*** Opening ENTRIES SHOWN ***
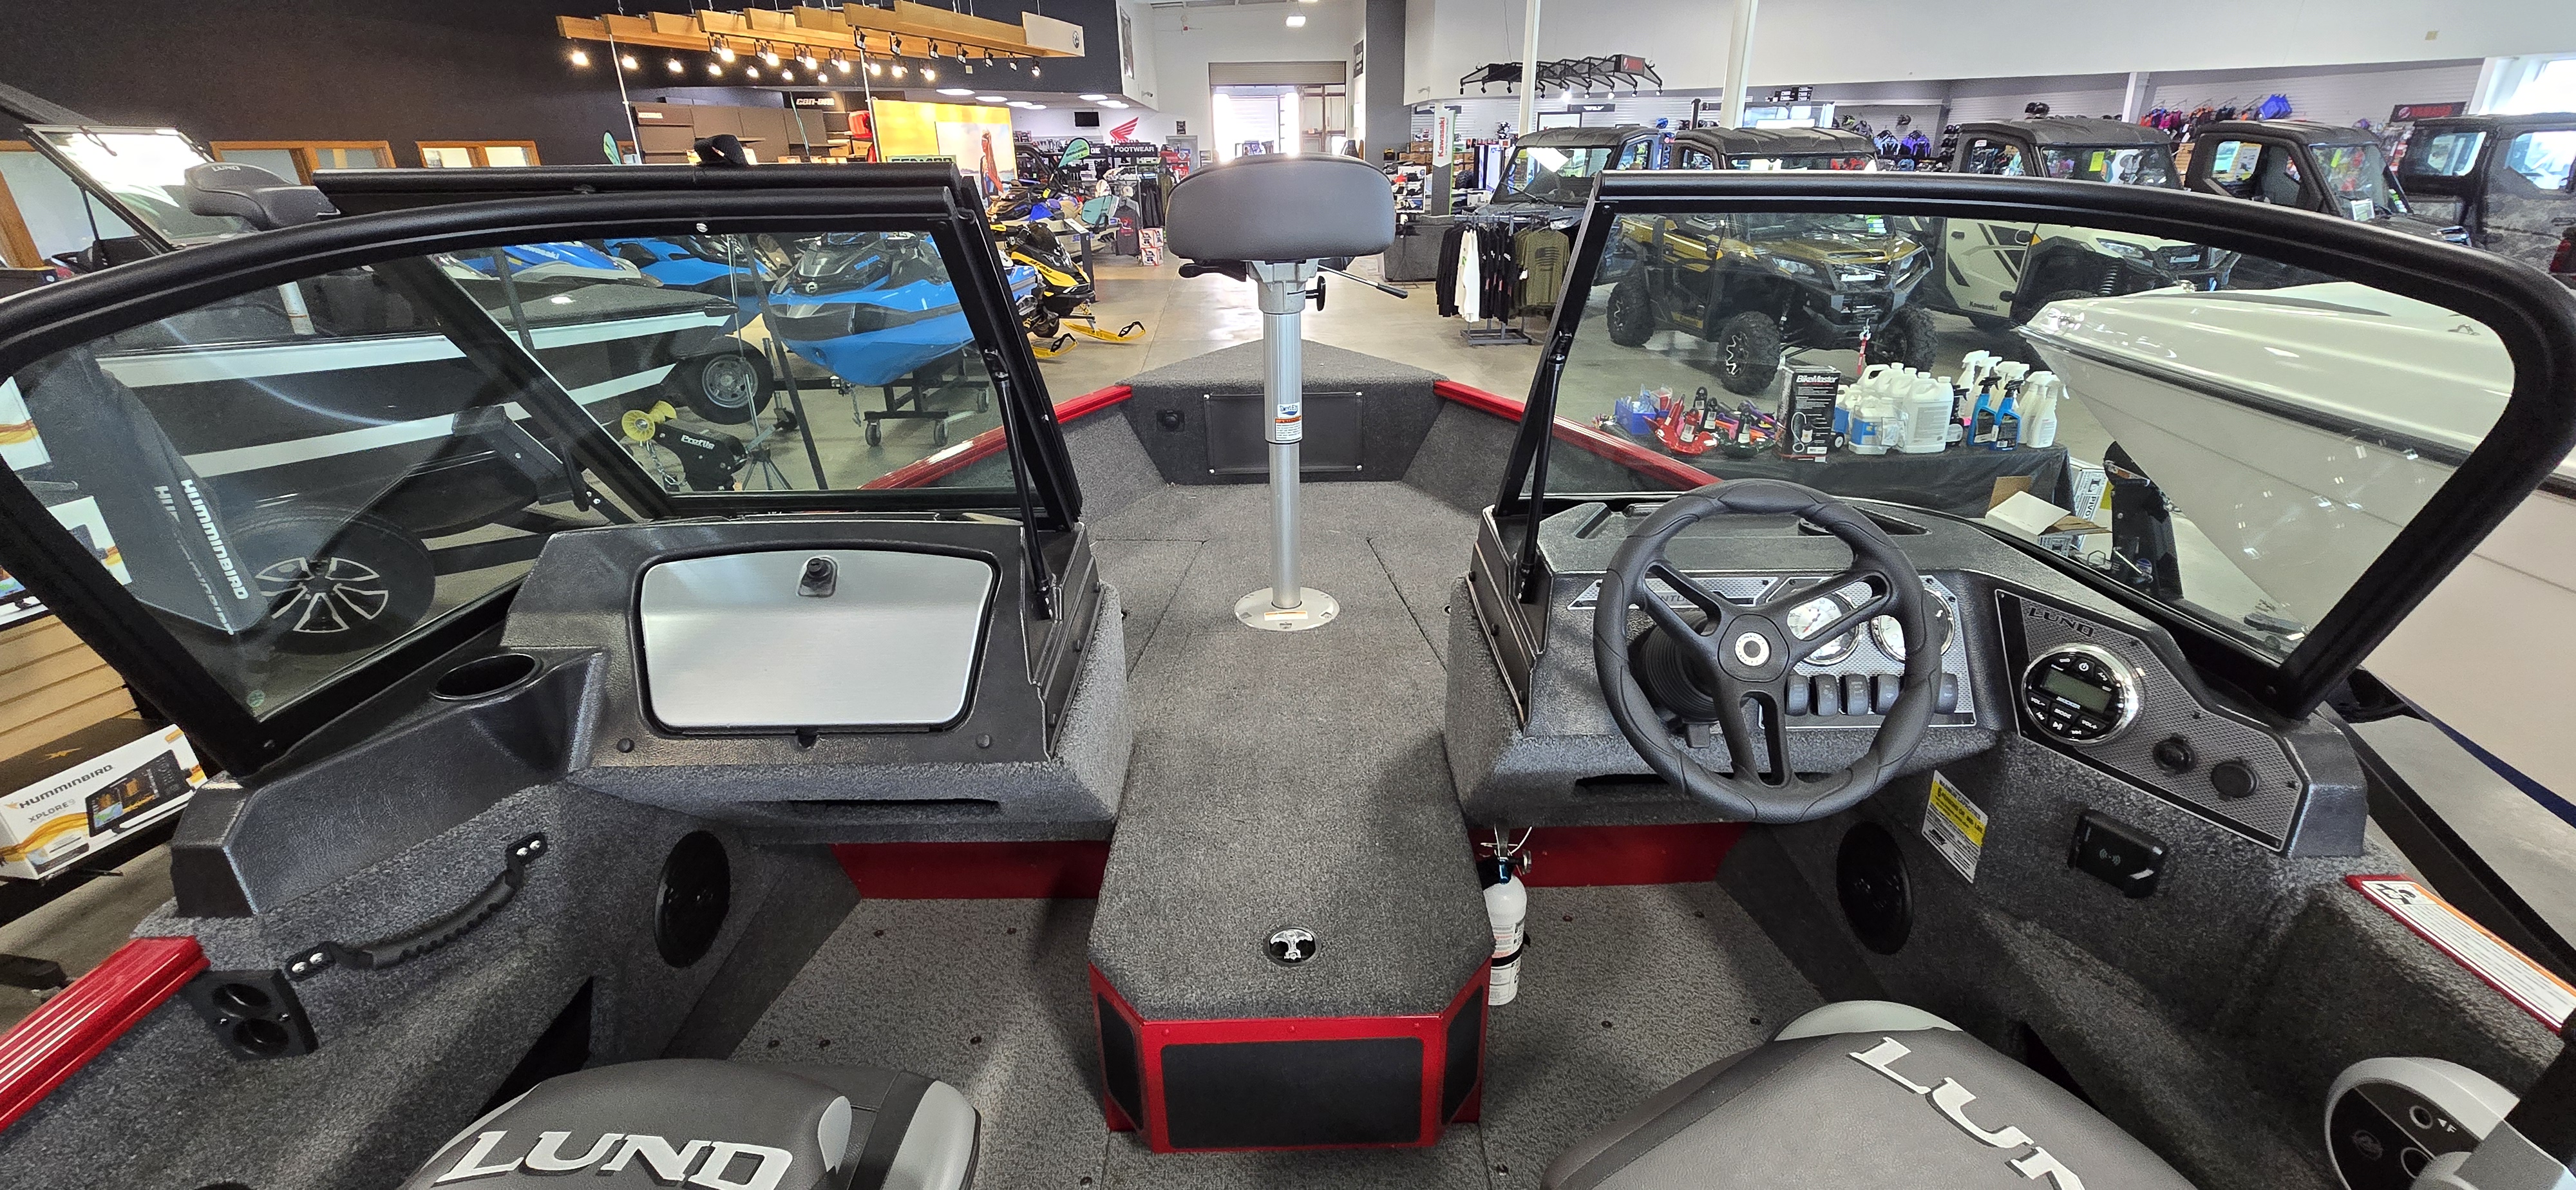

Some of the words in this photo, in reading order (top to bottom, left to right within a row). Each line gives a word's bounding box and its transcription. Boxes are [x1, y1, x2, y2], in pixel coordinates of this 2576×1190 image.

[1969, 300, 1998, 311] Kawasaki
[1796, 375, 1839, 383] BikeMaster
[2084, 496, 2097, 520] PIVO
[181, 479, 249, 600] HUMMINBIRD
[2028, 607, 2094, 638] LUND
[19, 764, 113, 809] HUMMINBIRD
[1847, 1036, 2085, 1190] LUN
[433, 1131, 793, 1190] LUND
*** Closing ENTRIES SHOWN ***
### WHAT IS REQUIRED:
Leaving the pictures aside, transcribe the entire listing exactly.

### RESPONSE TO THE TASK:
Some of the words in this photo, in reading order (top to bottom, left to right within a row). Each line gives a word's bounding box and its transcription. Boxes are [x1, y1, x2, y2], in pixel coordinates of this 2576×1190 image.

[1969, 300, 1998, 311] Kawasaki
[1796, 375, 1839, 383] BikeMaster
[2084, 496, 2097, 520] PIVO
[181, 479, 249, 600] HUMMINBIRD
[2028, 607, 2094, 638] LUND
[19, 764, 113, 809] HUMMINBIRD
[1847, 1036, 2085, 1190] LUN
[433, 1131, 793, 1190] LUND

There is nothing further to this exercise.